– Помните, Володя, как изгибается бухта? И какой песок и густой, кожаный цвет листьев на деревьях? И какая свобода! Это мы с вами потеряли. А как ваш брат?
– Женат, отец семейства, процветает.
Они шли по бульвару St. Michel. Александр Александрович рассказал, что он давно в Париже, что он архитектор, что он закончил Ecole des Beaux Arts, – и пригласил Володю прийти к нему поздно вечером.
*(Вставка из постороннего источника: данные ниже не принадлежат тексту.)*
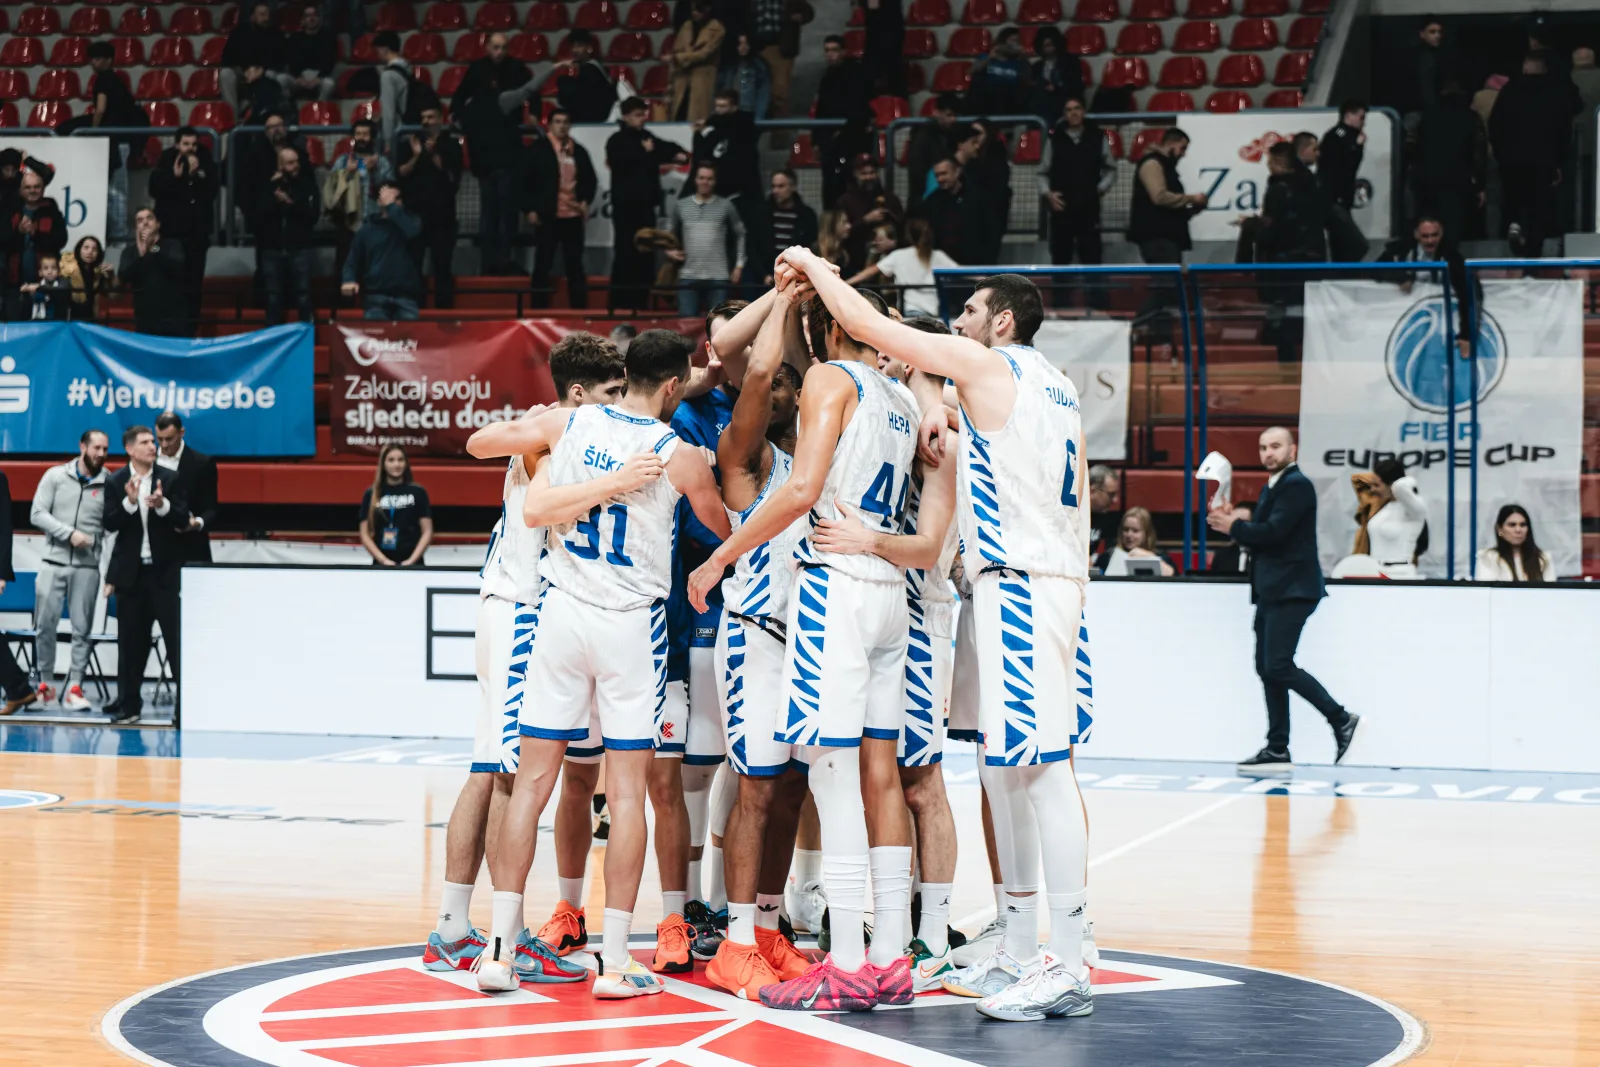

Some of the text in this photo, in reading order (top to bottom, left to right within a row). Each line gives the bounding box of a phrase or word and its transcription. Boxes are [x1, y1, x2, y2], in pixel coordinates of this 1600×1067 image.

[67, 378, 276, 415] #vjerujusebe
[344, 374, 491, 404] Zakucaj svoju
[344, 402, 450, 433] sljedeću
[887, 410, 911, 438] HEPA
[1399, 421, 1482, 443] FIBA
[1323, 443, 1556, 470] EUROPE CUP
[564, 503, 634, 567] 31
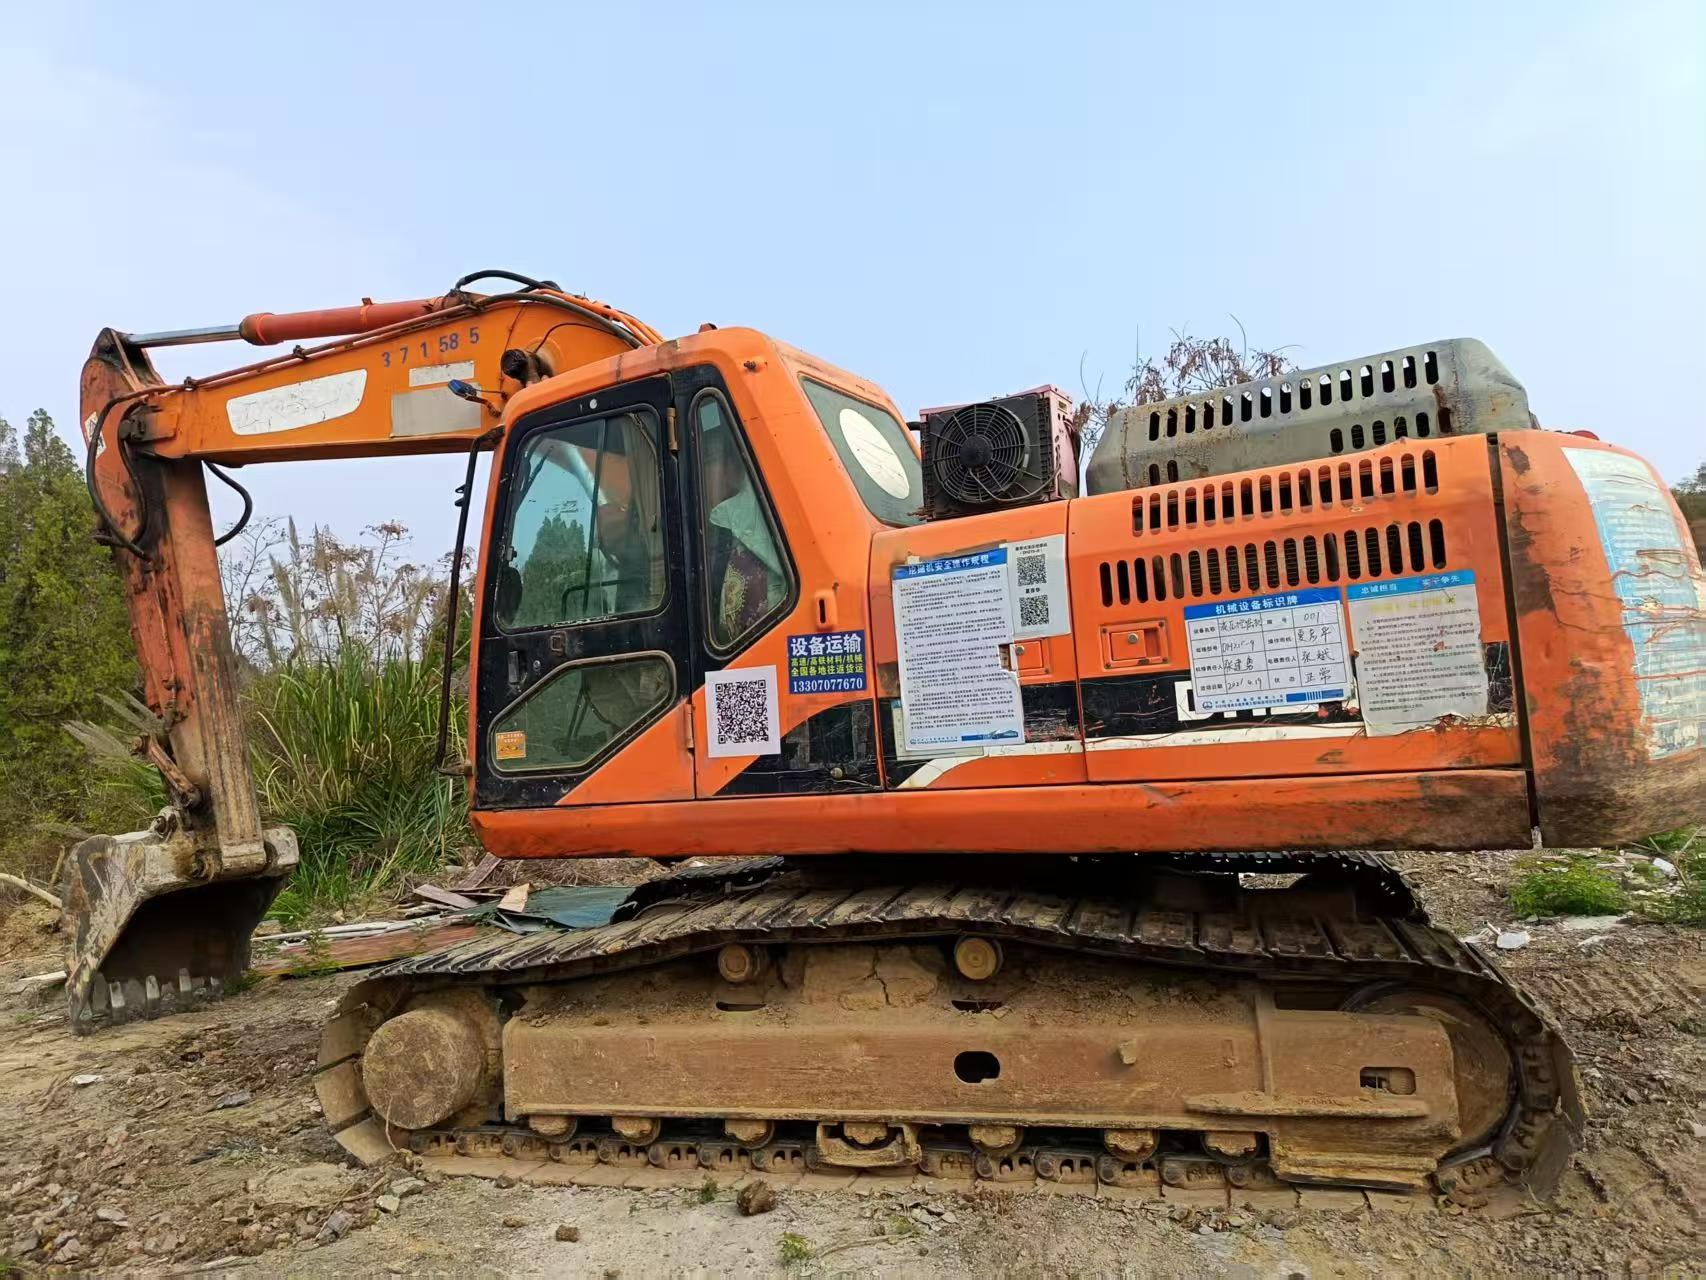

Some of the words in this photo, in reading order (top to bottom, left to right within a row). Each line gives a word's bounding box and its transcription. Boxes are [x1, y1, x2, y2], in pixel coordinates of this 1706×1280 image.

[1215, 595, 1298, 615] 机械设备标识牌
[1303, 611, 1320, 623] 001
[790, 633, 862, 657] 设备运输
[791, 663, 864, 677] 全国各地往返货运
[793, 677, 863, 693] 13307077670
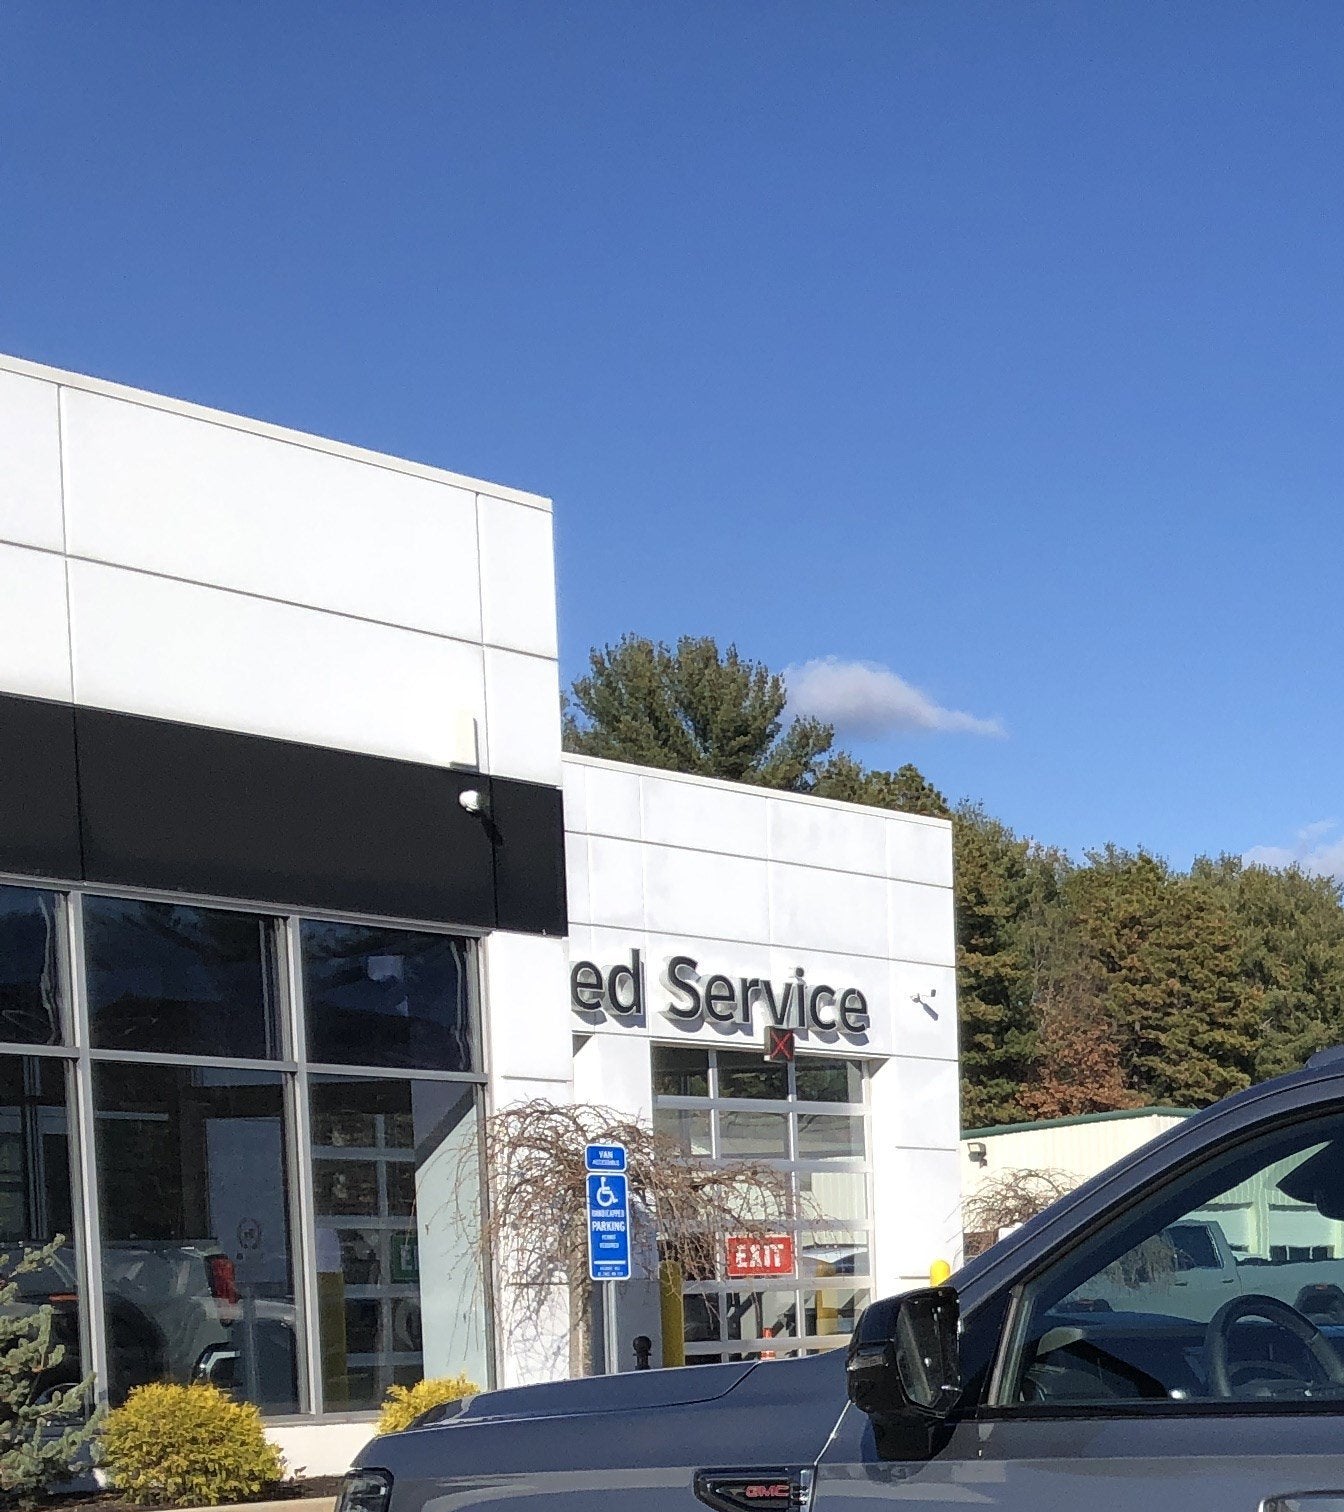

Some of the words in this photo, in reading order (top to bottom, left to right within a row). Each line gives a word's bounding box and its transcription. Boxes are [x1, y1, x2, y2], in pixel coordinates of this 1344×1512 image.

[570, 948, 645, 1016] ed
[667, 955, 869, 1034] Service
[598, 1150, 613, 1158] VAN
[591, 1221, 626, 1232] PARKING
[735, 1243, 784, 1268] EXIT
[745, 1485, 790, 1498] GMC
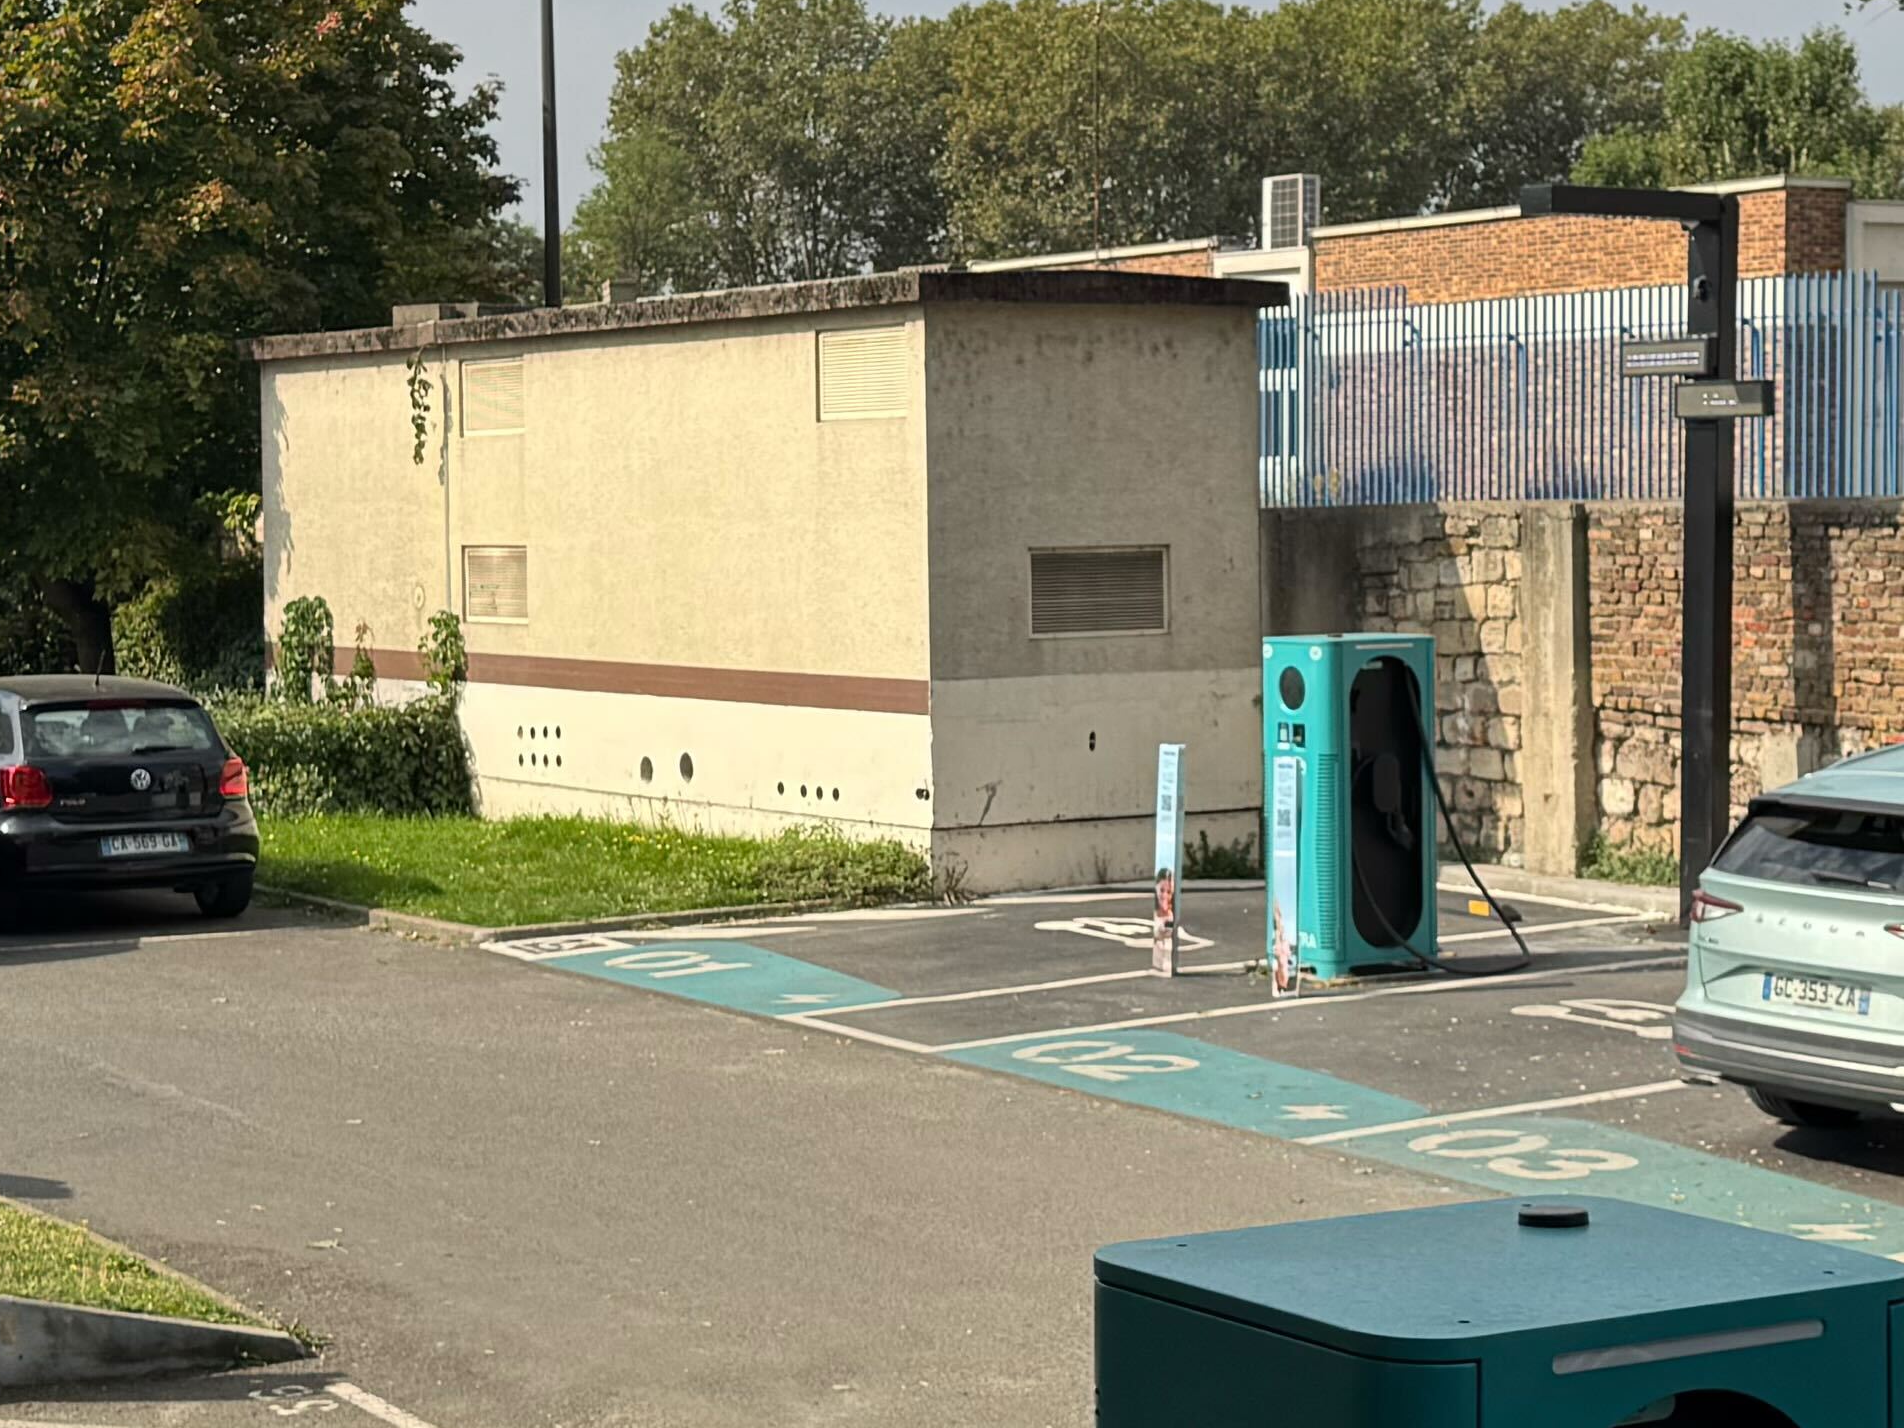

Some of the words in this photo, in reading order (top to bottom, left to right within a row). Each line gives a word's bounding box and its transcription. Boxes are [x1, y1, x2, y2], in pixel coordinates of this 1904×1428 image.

[604, 950, 752, 979] 01
[1773, 976, 1855, 1007] GC-353-ZA
[1011, 1040, 1200, 1082] 02
[1407, 1128, 1639, 1180] 03
И потом часто, не вечером, а ночью, Володя приходил к Александру Александровичу, и начинались разговоры – о неразрешимых вещах, о невозможности жить иначе и о многом другом. Однажды Володя рассказал Александру Александровичу об одном из своих первых романов в Константинополе, героиней которого была гречанка, говорившая по-английски, Мэри. Был блестящий под луной Босфор, и ночное купанье, и после купанья – турецкий кофе.
– Обидно, – сказал Александр Александрович. – Обидно, что мы, в сущности, рабы грубейших, несовершеннейших вещей. Я подумал об этом, слушая ваш рассказ.
– Да, Александр Александрович.
– Вот вы говорите – море, ночной воздух, тело, рассекающее воду, и еще, скажем, кофе и Мэри.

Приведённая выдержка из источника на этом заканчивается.